The Center is staffed with experts that not only help users make the most of their time on Titan but also conduct groundbreaking research that advances the state of the art in the high-performance computing community. One such group of researchers just got a big pat on the back.
A team of researchers led by the OLCF’s Scott Klasky received an R&D 100 Award for the development of the Adaptable I/O System for Big Data, or ADIOS. Developed in a multi-institution collaboration between ORNL, Georgia Institute of Technology, Rutgers University, and North Carolina State University, ADIOS is a portable, scalable, easy-to-use software framework conceived to solve “big data” problems.
As compared to other products, ADIOS significantly reduces the input and output complexities encountered by scientists running on high-performance computers. Along with reducing the time to solution for computational problems, the software streamlines scientific workflows, allowing researchers using supercomputers to spend more time achieving scientific insight and less time managing data. ADIOS also provides the foundation for data processing for the next big step for the supercomputing age by providing a platform for research into exascale data challenges.

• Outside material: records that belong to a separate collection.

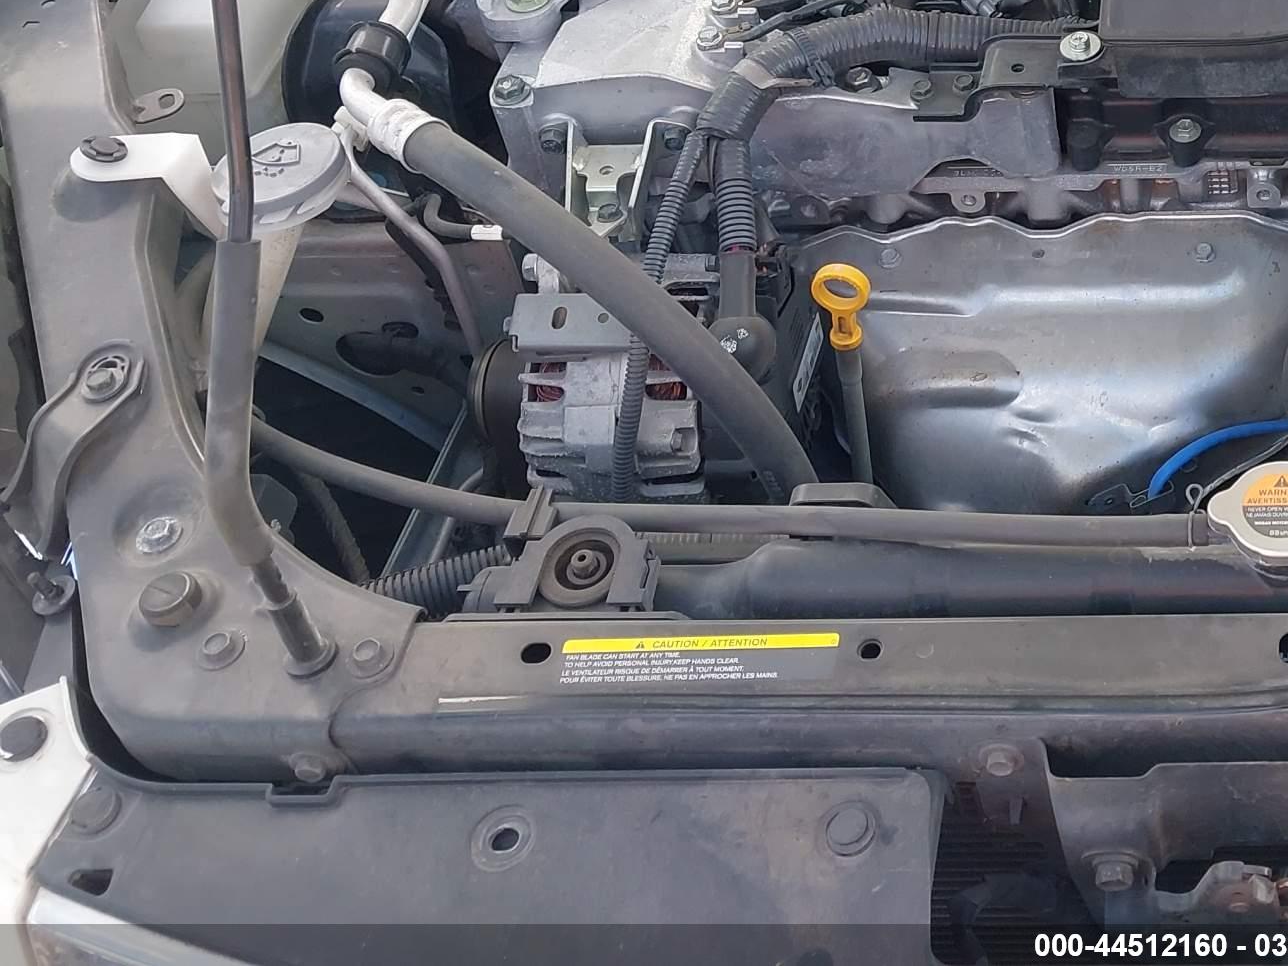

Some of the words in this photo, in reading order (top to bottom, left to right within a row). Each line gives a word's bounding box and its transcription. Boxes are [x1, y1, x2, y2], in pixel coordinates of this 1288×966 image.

[652, 639, 699, 648] CAUTION
[702, 639, 708, 647] /
[710, 638, 768, 647] ATTENTION
[613, 659, 649, 667] PERSONAL
[571, 668, 615, 676] VENTILATEUR
[651, 665, 689, 674] DÉMARRER
[688, 665, 694, 673] À
[580, 675, 603, 683] ÉVITER
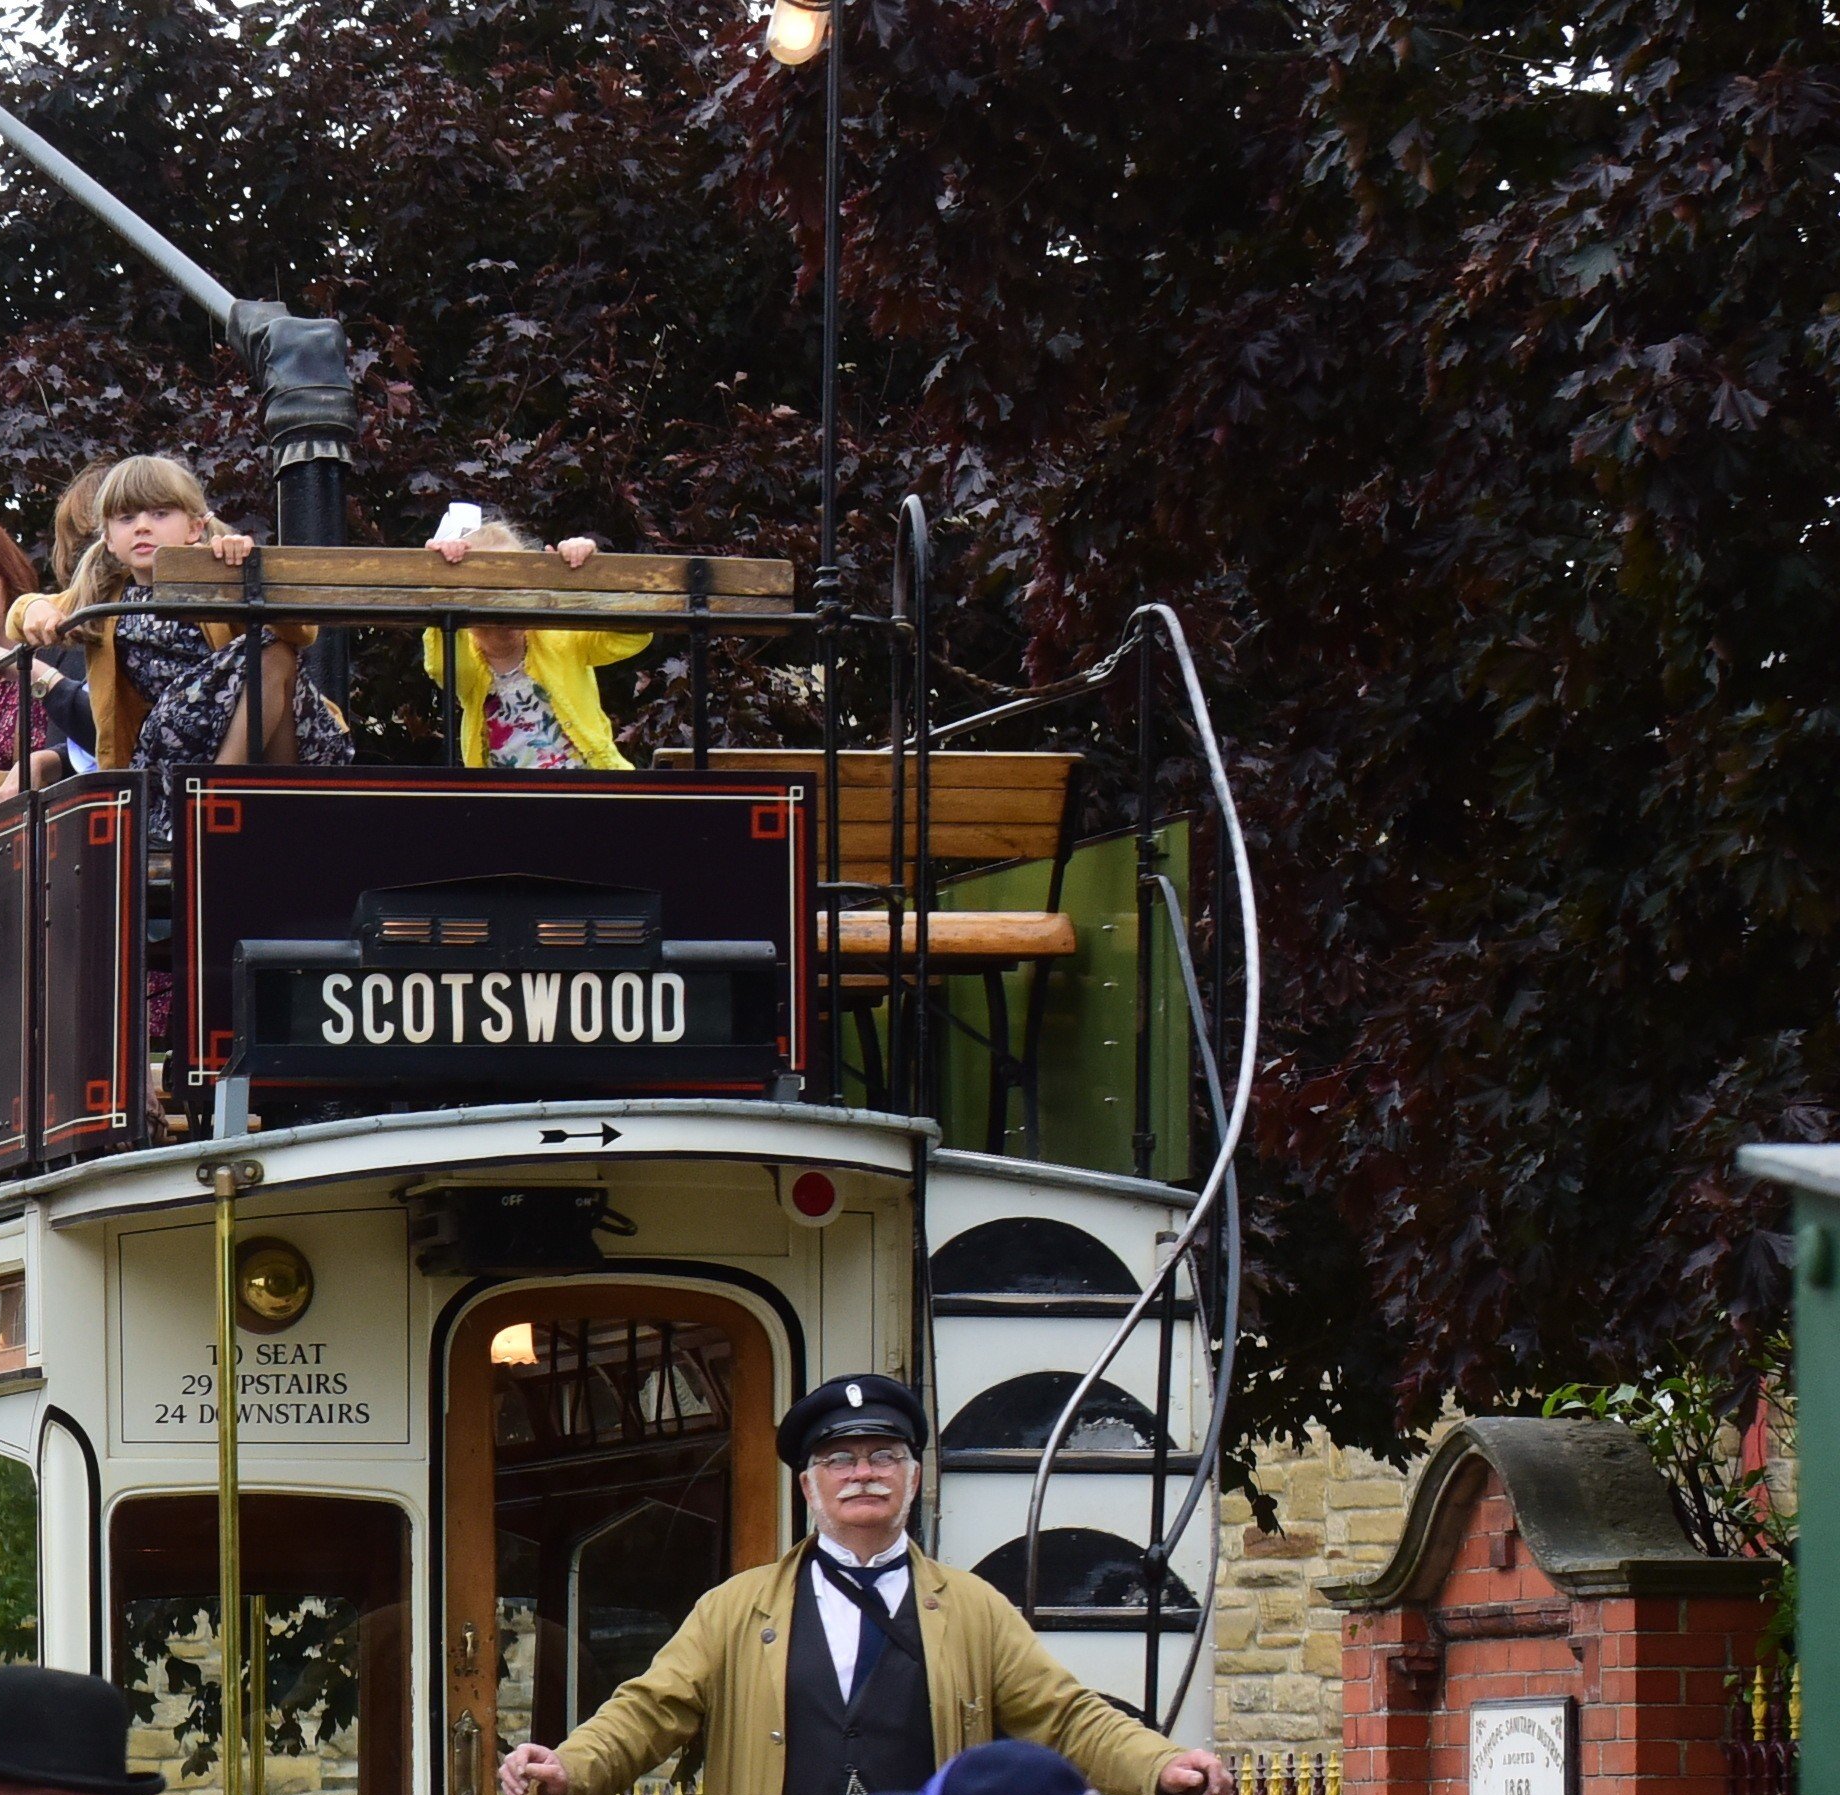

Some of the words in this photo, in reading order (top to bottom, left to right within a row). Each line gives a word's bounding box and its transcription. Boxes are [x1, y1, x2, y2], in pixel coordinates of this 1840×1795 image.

[321, 972, 686, 1044] SCOTSWOOD
[256, 1343, 328, 1365] SEAT
[182, 1374, 213, 1397] 29
[234, 1373, 348, 1396] PSTAIRS
[154, 1403, 188, 1424] 24
[199, 1402, 370, 1425] DWNSTAIRS

“ADIOS represents a grassroots effort to allow data–intensive computations and experiments to scale to current and future-generation computing resources,” said Klasky. “This award is the result of years of hard work from our team members and belief from our sponsors.

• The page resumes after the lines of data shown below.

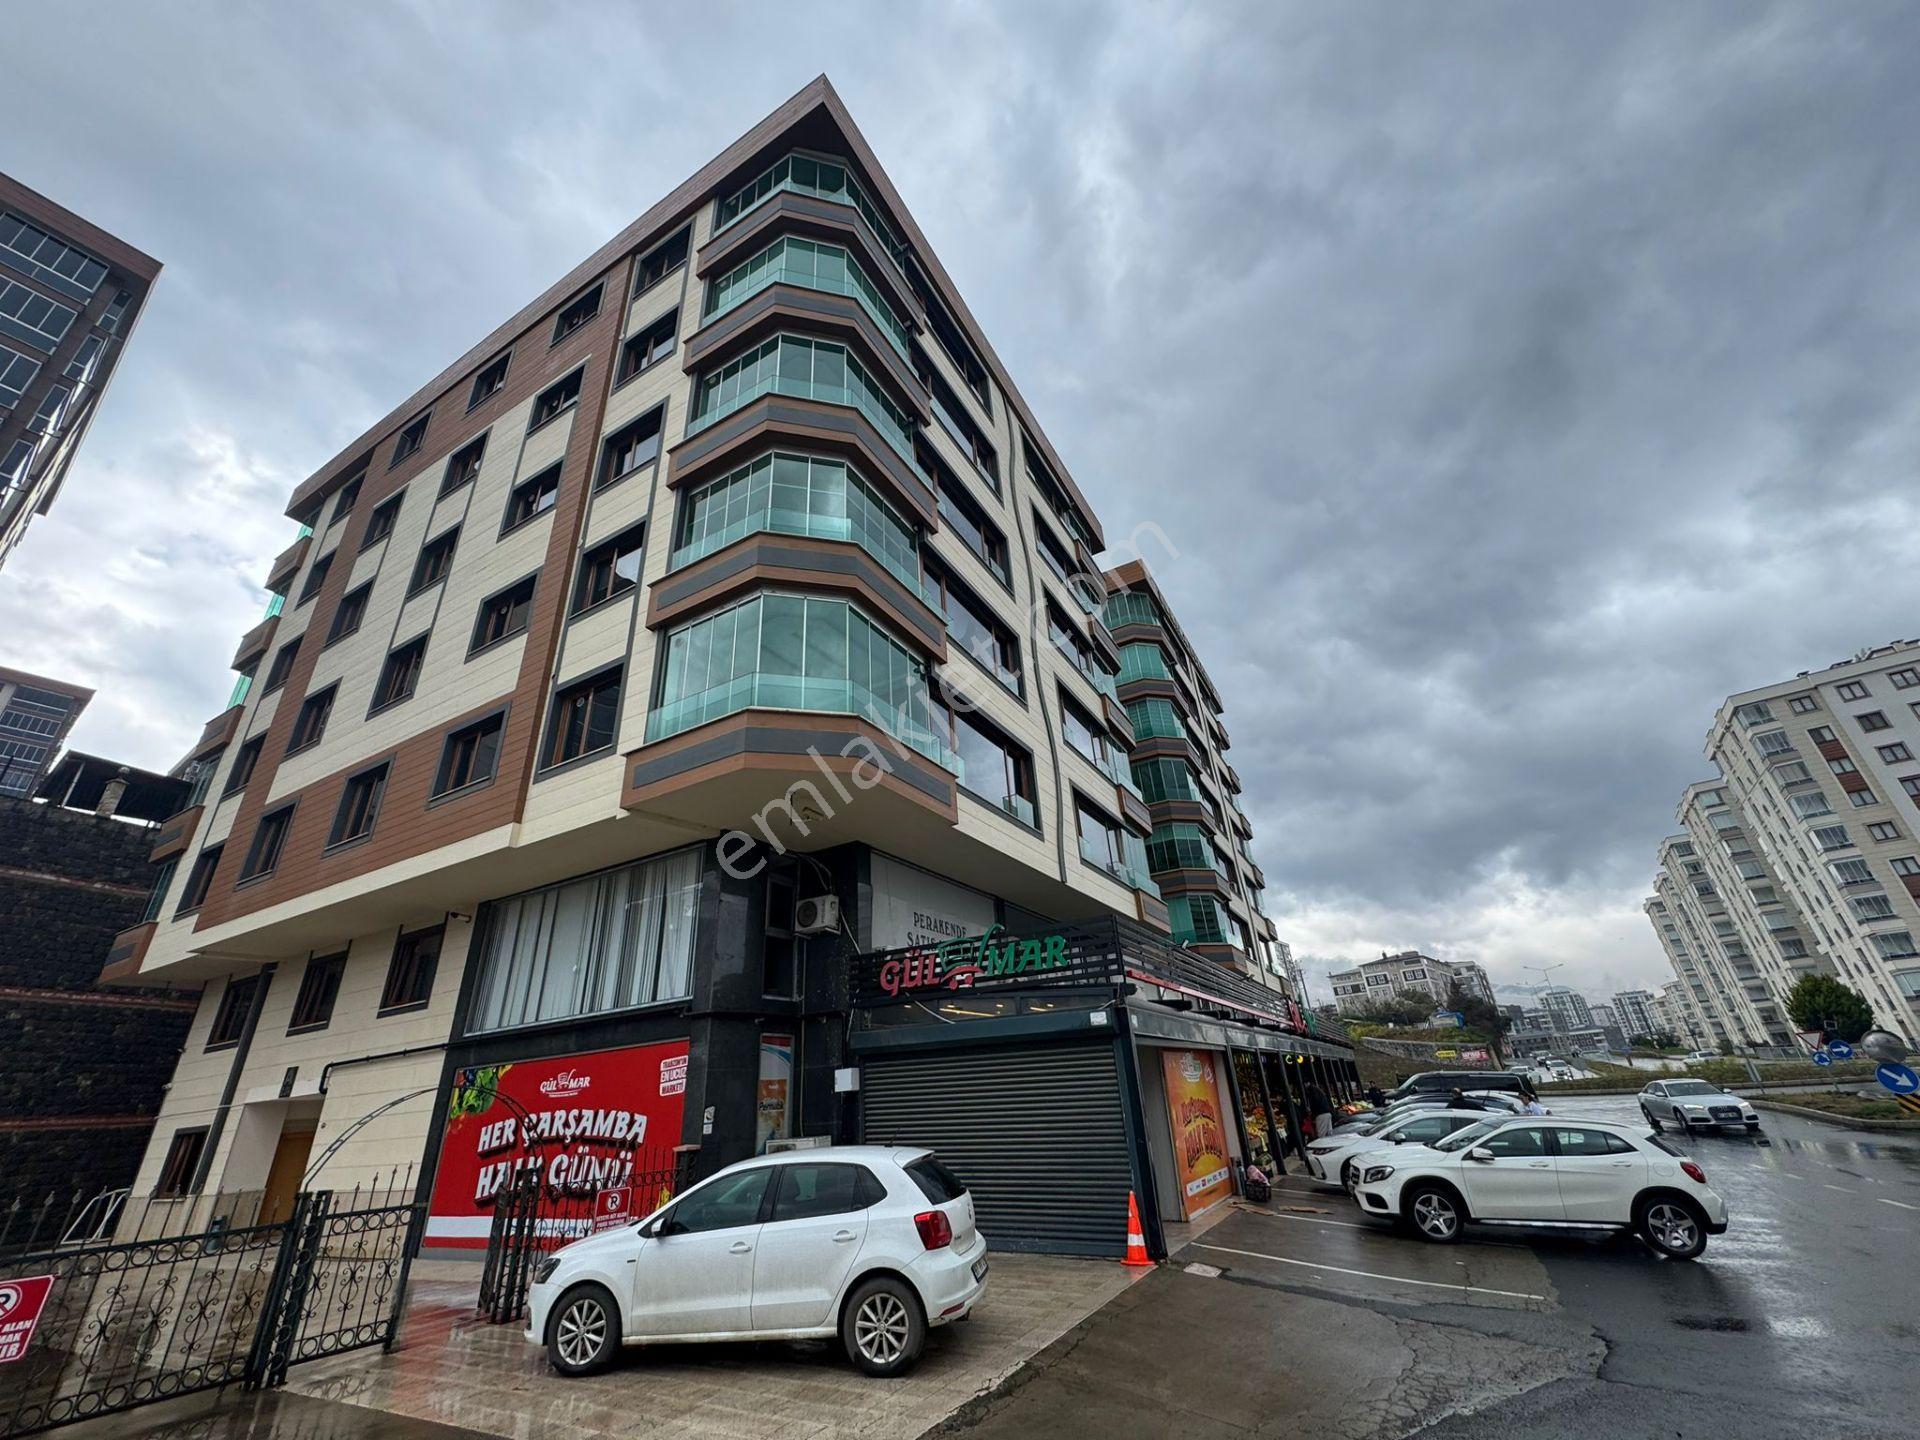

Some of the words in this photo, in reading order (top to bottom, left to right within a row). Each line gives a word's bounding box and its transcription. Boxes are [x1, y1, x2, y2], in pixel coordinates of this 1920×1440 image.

[913, 912, 968, 938] PERAKENDE
[880, 949, 941, 998] GÜL
[985, 935, 1070, 977] MAR
[540, 1078, 557, 1093] GÜL
[568, 1076, 591, 1089] MAR
[477, 1118, 517, 1152] HER
[521, 1109, 648, 1147] ÇARŞAMBA

Klasky and his team began developing ADIOS in 2008, and now the middleware assists numerous applications on Titan. ADIOS has demonstrated impressive I/O performance results on leadership class machines and clusters, sometimes showing an improvement of more than 1,000 times over well-known parallel file formats.
The research was funded by the DOE’s Office of Advanced Scientific Computing Research, the Office of Fusion Energy Science, and the National Science Foundation.
The ORNL team consists of Scott Klasky, Qing Liu, Norbert Podhorszki, Hasan Abbasi, Jeremy Logan, Roselyne Tchoua, Jong Youl Choi, and Yuan Tian.